The Poor People’s Campaign reached out to poor whites, many of whom felt most threatened by the civil rights movement’s successes in black equality, as well as impoverished migrant farm workers who harvested the nation’s food and Native Americans who languished on reservations. Injustice anywhere, King said, was a threat to justice everywhere.
Race-based and gender-based affirmative action
This leads me to the topic of affirmative action and its usefulness in addressing injustices.
In another post, I argued that affirmative action should first and foremost be based on the wealth and well-being of individuals.
Pseudo-progressive passionately disagree and believe it should always only be based on gender and race even if this leads one to privilege a wealthy woman over a poor man in quite a few cases.
Richard D. Kahlenberg is an American scholar having spent considerable time analysing affirmative action in higher education.

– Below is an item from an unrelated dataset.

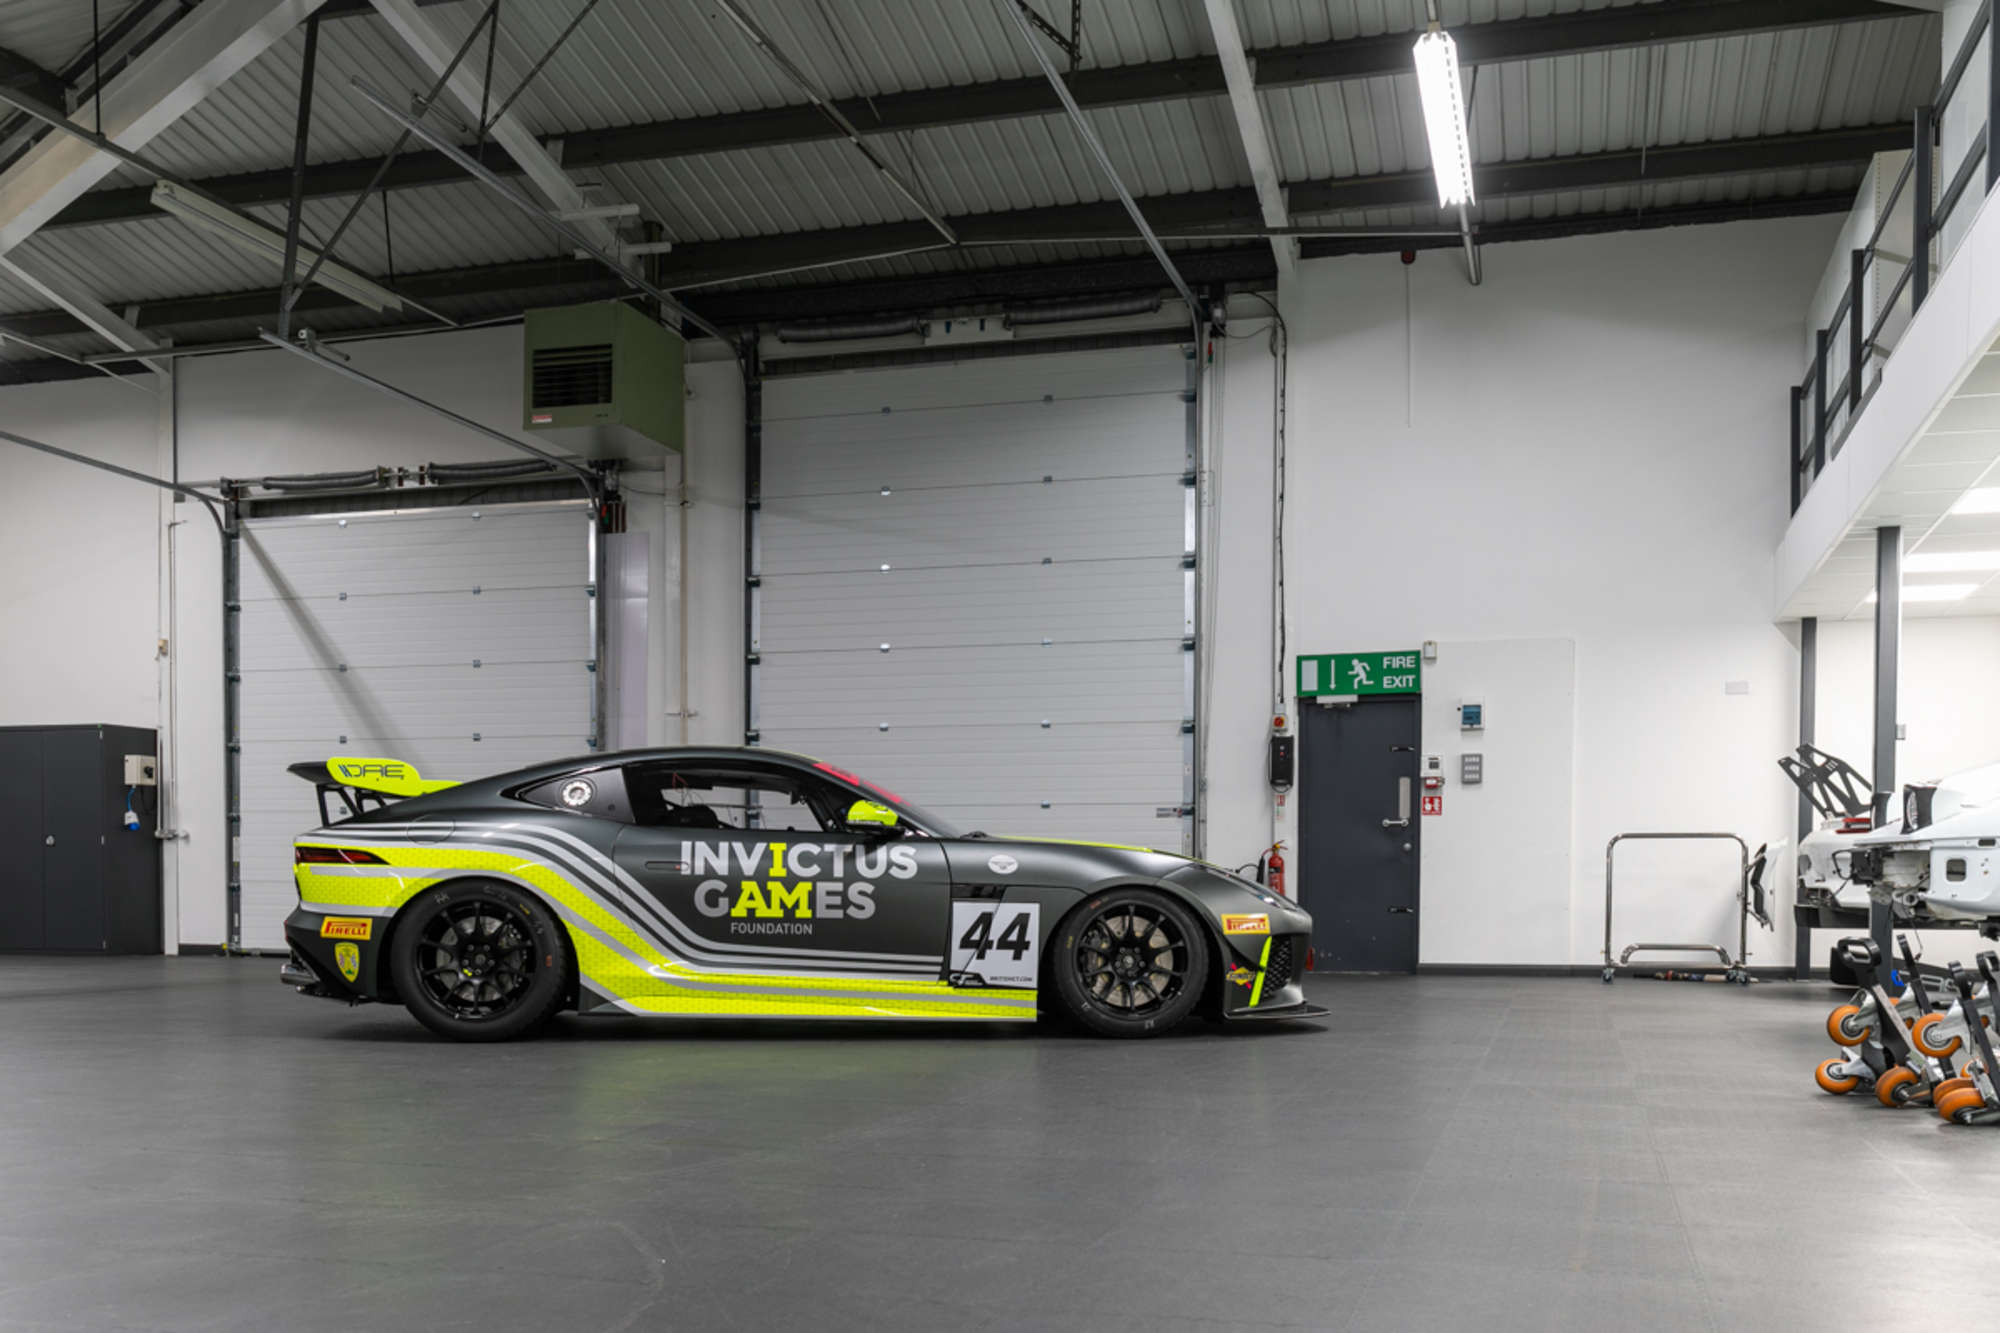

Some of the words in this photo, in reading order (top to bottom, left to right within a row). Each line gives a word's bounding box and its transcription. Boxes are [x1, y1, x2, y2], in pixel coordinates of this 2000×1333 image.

On the whole, university leaders much prefer the prevailing system of racial preference in admission, which ignores issues of economic inequality and instead focuses, as Walter Benn Michaels acidly observes, on “what color skin the rich kids have.” (One study found that almost nine in ten African Americans at selective colleges are middle or upper class— though the whites were even wealthier.)
Recruiting fairly privileged students of color is far less expensive than including low-income and working-class kidsof all races. While higher education’s vigorous defense of affirmative action on one level represents a sincere desire for greater racial equality, it has another less virtuous side to it, as racial preferences avoid the hard work of addressing deeply rooted inequalities and instead provide what Stephen Carter has called “racial justice on the cheap.”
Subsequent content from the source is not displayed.